Since each issue was essentially an origin story told in the past tense, writer Kurt Busiek used a retro style reminiscent of DC Comics' 1980s output, and even incorporated characters who were not available under other circumstances, such as the Flash and the Green Lantern, both of whom were dead in regular DC Comics continuity.

The comics featured were:
- Bork, "Vulnerability", featuring Batman and The Flash, art by Kieron Dwyer
- Josiah Power, "Career Opportunities", featuring Superman, art by Keith Giffen
- Manhunter, "A Well-Respected Man...", featuring Nightwing, art by Dan Jurgens
- Sapphire, "Hatch of the Serpent's Egg", featuring the Justice League, art by Mark Bagley
- Skyrocket, "First Gleamings", featuring Green Lantern, art by Joe Staton
- Striker Z, "Hk Jiangtou", featuring Superboy, art by Ramon F. Bachs
- Witchfire, "I Want to See the Bright Lights Tonight", featuring Wonder Woman, art by Matt Haley

==Members==
The Power Company had several superpowered partners and associates, as well a support staff dedicated to daily corporate operations. These included:

===Partners===
- Josiah Power - A lawyer who was forced to quit his job after the Dominators' gene bomb activated his metagene.
- Manhunter (Kirk DePaul) - A mercenary and clone of Paul Kirk / Manhunter.

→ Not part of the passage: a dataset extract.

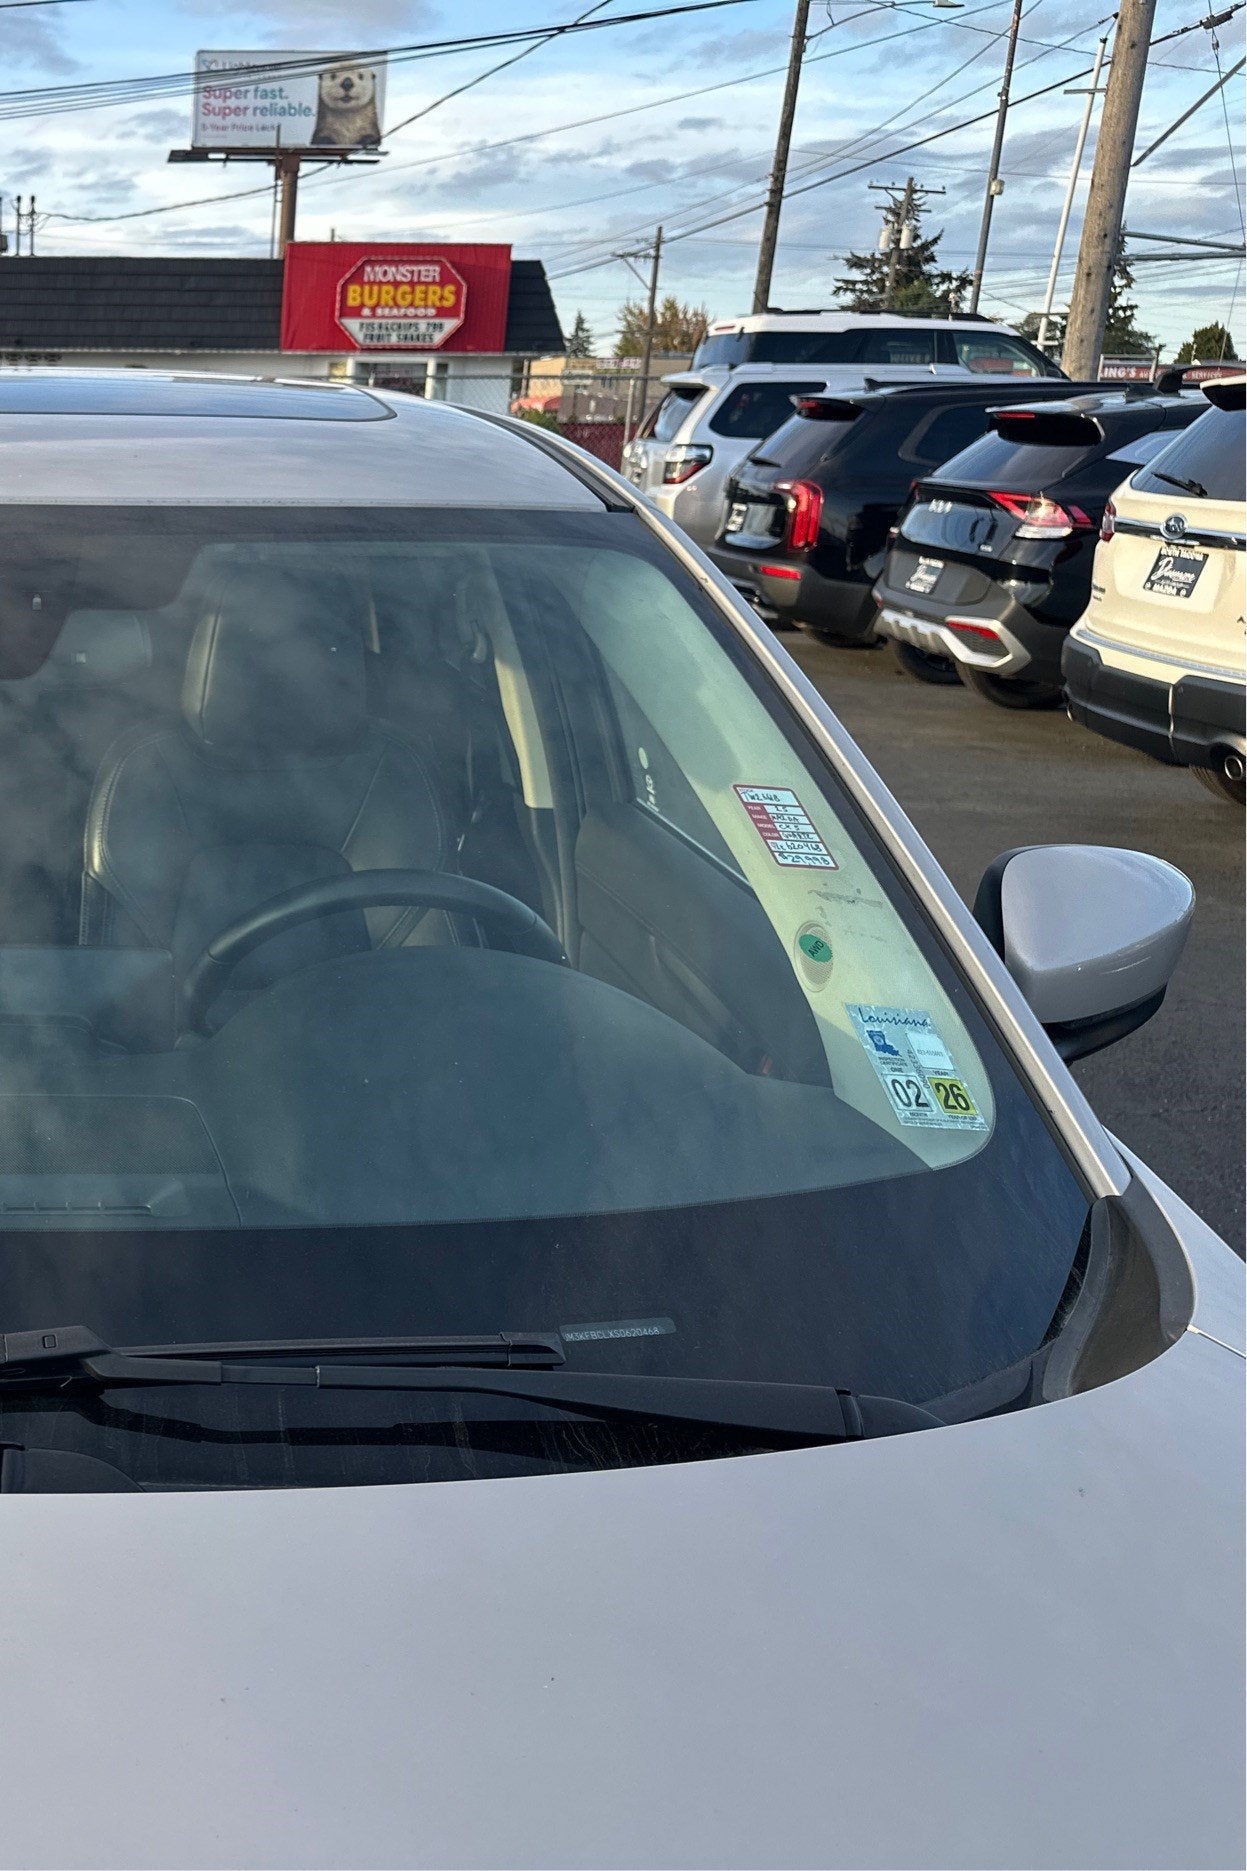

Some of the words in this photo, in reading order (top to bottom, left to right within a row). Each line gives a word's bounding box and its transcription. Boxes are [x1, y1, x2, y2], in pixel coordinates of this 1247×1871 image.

He is later killed by Mark Shaw.
- Skyrocket (Celia Forrestal) - A former Navy officer who inherited the energy-manipulating Argo Harness from her murdered parents.
- Witchfire (Rebecca Carstairs) - A magician and entertainer who is later revealed to be a plant-based homunculus.

===Associates===
- Bork (Carl Andrew Bork) - A former criminal who possesses superhuman durability derived from a magical statue.
- Firestorm (Ronnie Raymond) - A nuclear-powered hero and brief associate of the Power Company.
- Sapphire (Candace Jean Gennaro) - A teenage runaway who possesses telekinetic abilities derived from an alien gem known as the Serpent's Egg.
- Striker Z (Daniel Tsang) - A former Hong Kong stuntman and martial artist who gained superhuman physical abilities from exposure to experimental fuel.

===Support crew===
- Charlie Lau - A technical support specialist and a former employee of S.T.A.R. Labs' Hong Kong branch.
- Raul - The pilot of the Company Car airship.
- Silver Shannon - Josiah's assistant and the former lead singer of the Maniaks.
- Garrison Slate - An interim administrator and CEO of S.T.A.R. Labs in San Francisco.